### What is being asked
Copy everything in the listing below word for word, apart from any images.
::: Provided information :::
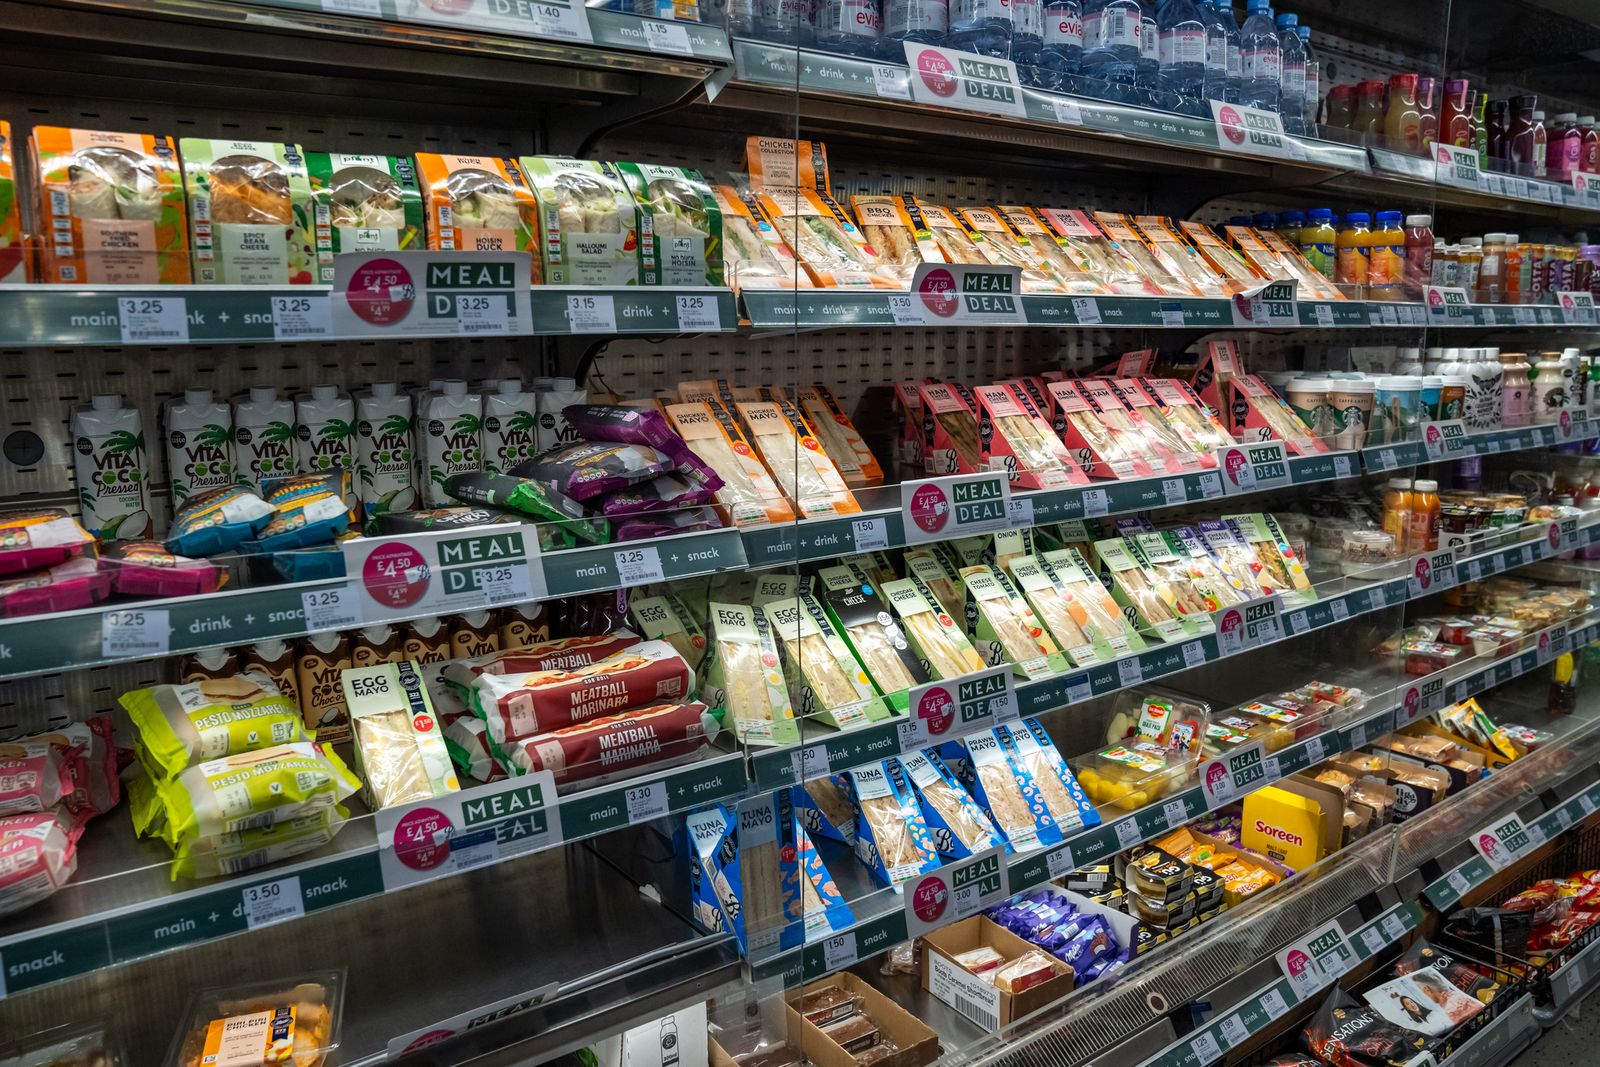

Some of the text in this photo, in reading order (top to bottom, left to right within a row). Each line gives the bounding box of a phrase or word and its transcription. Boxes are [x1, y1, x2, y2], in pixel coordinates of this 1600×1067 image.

[537, 7, 560, 18] 1.40
[648, 23, 667, 34] 1.15
[771, 61, 845, 80] main drink
[963, 64, 1009, 83] MEAL
[969, 83, 1014, 102] DEAL
[1133, 119, 1206, 138] main drink snack
[1246, 112, 1277, 130] MEAL
[759, 140, 794, 150] CHICKEN
[1251, 131, 1281, 147] DEAL
[760, 148, 795, 157] COLLECTION
[1455, 153, 1475, 167] MEAL
[867, 207, 891, 217] BBQ
[1012, 215, 1031, 224] BBQ
[476, 237, 503, 245] HOISIN
[477, 243, 503, 251] DUCK
[433, 265, 512, 286] MEAL
[966, 276, 1012, 293] MEAL
[1263, 285, 1292, 300] MEAL
[971, 297, 1015, 314] DEAL
[1445, 292, 1465, 305] MEAL
[71, 311, 118, 327] main
[622, 305, 654, 319] drink
[774, 305, 892, 317] main drink snack
[1041, 307, 1060, 317] main
[1104, 307, 1123, 318] snack
[1204, 310, 1220, 319] snack
[927, 388, 949, 397] HAM
[984, 391, 1006, 400] HAM
[1055, 389, 1075, 398] HAM
[1092, 390, 1110, 399] HAM
[677, 412, 707, 420] CHICKEN
[747, 408, 776, 416] CHICKEN
[750, 412, 779, 421] MAYO
[679, 416, 710, 425] MAYO
[498, 429, 532, 446] VITA
[1442, 425, 1463, 438] MEAL
[310, 438, 347, 456] VITA
[370, 433, 407, 450] VITA
[443, 432, 478, 449] VITA
[185, 444, 225, 462] VITA
[251, 441, 290, 459] VITA
[370, 449, 411, 464] COCO
[442, 448, 482, 463] COCO
[497, 444, 536, 459] COCO
[1250, 448, 1281, 463] MEAL
[92, 451, 136, 470] VITA
[185, 461, 230, 476] COCO
[251, 458, 294, 474] COCO
[309, 454, 353, 470] COCO
[374, 460, 409, 475] Pressed
[92, 468, 140, 484] COCO
[1256, 464, 1285, 480] DEAL
[189, 473, 230, 491] Pressed
[97, 482, 140, 500] Pressed
[955, 481, 1001, 500] MEAL
[1141, 491, 1158, 501] main
[960, 502, 1004, 522] DEAL
[1032, 500, 1081, 516] main drink
[442, 535, 521, 563] MEAL
[766, 533, 839, 554] main drink
[576, 547, 720, 577] main snack
[1050, 558, 1069, 568] CHEESE
[1149, 551, 1170, 559] SALAD
[1432, 554, 1452, 568] MEAL
[1015, 565, 1036, 575] CHEESE
[1018, 570, 1040, 579] ONION
[1054, 562, 1074, 571] ONION
[760, 582, 787, 592] EGG
[843, 594, 866, 607] CHEESE
[893, 592, 918, 602] CHEESE
[640, 606, 664, 619] EGG
[644, 612, 668, 624] MAYO
[718, 609, 745, 621] EGG
[774, 607, 798, 619] EGG
[778, 614, 804, 625] CRESS
[1246, 602, 1275, 622] MEAL
[189, 615, 232, 634] drink
[720, 617, 747, 627] MAYO
[466, 641, 496, 657] VITA
[541, 653, 593, 672] MEATBALL
[1165, 656, 1181, 668] drink
[352, 675, 387, 691] EGG
[960, 680, 1006, 701] MEAL
[1033, 673, 1113, 705] main snack
[1422, 678, 1443, 695] MEAL
[355, 684, 390, 699] MAYO
[571, 680, 629, 705] MEATBALL
[571, 694, 629, 721] MARINARA
[195, 712, 232, 731] PESTO
[599, 724, 658, 750] MEATBALL
[968, 736, 995, 748] PRAWN
[600, 739, 662, 766] MARINARA
[827, 736, 893, 764] drink snack
[970, 741, 997, 752] MAYO
[905, 756, 926, 769] TUNA
[1231, 752, 1260, 772] MEAL
[212, 771, 251, 790] PESTO
[855, 768, 882, 780] TUNA
[1235, 769, 1263, 787] DEAL
[467, 789, 541, 822] MEAL
[590, 776, 722, 823] main snack
[741, 805, 772, 821] TUNA
[692, 818, 724, 833] TUNA
[742, 813, 772, 831] MAYO
[1497, 820, 1521, 840] MEAL
[695, 825, 725, 841] MAYO
[1256, 819, 1303, 847] Soreen
[1506, 834, 1529, 852] DEAL
[1024, 839, 1105, 881] main snack
[955, 862, 998, 884] MEAL
[305, 877, 349, 899] snack
[9, 918, 197, 978] snack main
[1310, 929, 1340, 956] MEAL
[780, 930, 888, 980] main snack
[1064, 943, 1081, 961] Milka
[226, 1022, 267, 1031] CHICKEN
[1243, 1011, 1258, 1026] drink
[1319, 1012, 1375, 1061] SENSATIONS
:::
### Worked solution
Some of the text in this photo, in reading order (top to bottom, left to right within a row). Each line gives the bounding box of a phrase or word and its transcription. Boxes are [x1, y1, x2, y2], in pixel coordinates of this 1600×1067 image.

[537, 7, 560, 18] 1.40
[648, 23, 667, 34] 1.15
[771, 61, 845, 80] main drink
[963, 64, 1009, 83] MEAL
[969, 83, 1014, 102] DEAL
[1133, 119, 1206, 138] main drink snack
[1246, 112, 1277, 130] MEAL
[759, 140, 794, 150] CHICKEN
[1251, 131, 1281, 147] DEAL
[760, 148, 795, 157] COLLECTION
[1455, 153, 1475, 167] MEAL
[867, 207, 891, 217] BBQ
[1012, 215, 1031, 224] BBQ
[476, 237, 503, 245] HOISIN
[477, 243, 503, 251] DUCK
[433, 265, 512, 286] MEAL
[966, 276, 1012, 293] MEAL
[1263, 285, 1292, 300] MEAL
[971, 297, 1015, 314] DEAL
[1445, 292, 1465, 305] MEAL
[71, 311, 118, 327] main
[622, 305, 654, 319] drink
[774, 305, 892, 317] main drink snack
[1041, 307, 1060, 317] main
[1104, 307, 1123, 318] snack
[1204, 310, 1220, 319] snack
[927, 388, 949, 397] HAM
[984, 391, 1006, 400] HAM
[1055, 389, 1075, 398] HAM
[1092, 390, 1110, 399] HAM
[677, 412, 707, 420] CHICKEN
[747, 408, 776, 416] CHICKEN
[750, 412, 779, 421] MAYO
[679, 416, 710, 425] MAYO
[498, 429, 532, 446] VITA
[1442, 425, 1463, 438] MEAL
[310, 438, 347, 456] VITA
[370, 433, 407, 450] VITA
[443, 432, 478, 449] VITA
[185, 444, 225, 462] VITA
[251, 441, 290, 459] VITA
[370, 449, 411, 464] COCO
[442, 448, 482, 463] COCO
[497, 444, 536, 459] COCO
[1250, 448, 1281, 463] MEAL
[92, 451, 136, 470] VITA
[185, 461, 230, 476] COCO
[251, 458, 294, 474] COCO
[309, 454, 353, 470] COCO
[374, 460, 409, 475] Pressed
[92, 468, 140, 484] COCO
[1256, 464, 1285, 480] DEAL
[189, 473, 230, 491] Pressed
[97, 482, 140, 500] Pressed
[955, 481, 1001, 500] MEAL
[1141, 491, 1158, 501] main
[960, 502, 1004, 522] DEAL
[1032, 500, 1081, 516] main drink
[442, 535, 521, 563] MEAL
[766, 533, 839, 554] main drink
[576, 547, 720, 577] main snack
[1050, 558, 1069, 568] CHEESE
[1149, 551, 1170, 559] SALAD
[1432, 554, 1452, 568] MEAL
[1015, 565, 1036, 575] CHEESE
[1018, 570, 1040, 579] ONION
[1054, 562, 1074, 571] ONION
[760, 582, 787, 592] EGG
[843, 594, 866, 607] CHEESE
[893, 592, 918, 602] CHEESE
[640, 606, 664, 619] EGG
[644, 612, 668, 624] MAYO
[718, 609, 745, 621] EGG
[774, 607, 798, 619] EGG
[778, 614, 804, 625] CRESS
[1246, 602, 1275, 622] MEAL
[189, 615, 232, 634] drink
[720, 617, 747, 627] MAYO
[466, 641, 496, 657] VITA
[541, 653, 593, 672] MEATBALL
[1165, 656, 1181, 668] drink
[352, 675, 387, 691] EGG
[960, 680, 1006, 701] MEAL
[1033, 673, 1113, 705] main snack
[1422, 678, 1443, 695] MEAL
[355, 684, 390, 699] MAYO
[571, 680, 629, 705] MEATBALL
[571, 694, 629, 721] MARINARA
[195, 712, 232, 731] PESTO
[599, 724, 658, 750] MEATBALL
[968, 736, 995, 748] PRAWN
[600, 739, 662, 766] MARINARA
[827, 736, 893, 764] drink snack
[970, 741, 997, 752] MAYO
[905, 756, 926, 769] TUNA
[1231, 752, 1260, 772] MEAL
[212, 771, 251, 790] PESTO
[855, 768, 882, 780] TUNA
[1235, 769, 1263, 787] DEAL
[467, 789, 541, 822] MEAL
[590, 776, 722, 823] main snack
[741, 805, 772, 821] TUNA
[692, 818, 724, 833] TUNA
[742, 813, 772, 831] MAYO
[1497, 820, 1521, 840] MEAL
[695, 825, 725, 841] MAYO
[1256, 819, 1303, 847] Soreen
[1506, 834, 1529, 852] DEAL
[1024, 839, 1105, 881] main snack
[955, 862, 998, 884] MEAL
[305, 877, 349, 899] snack
[9, 918, 197, 978] snack main
[1310, 929, 1340, 956] MEAL
[780, 930, 888, 980] main snack
[1064, 943, 1081, 961] Milka
[226, 1022, 267, 1031] CHICKEN
[1243, 1011, 1258, 1026] drink
[1319, 1012, 1375, 1061] SENSATIONS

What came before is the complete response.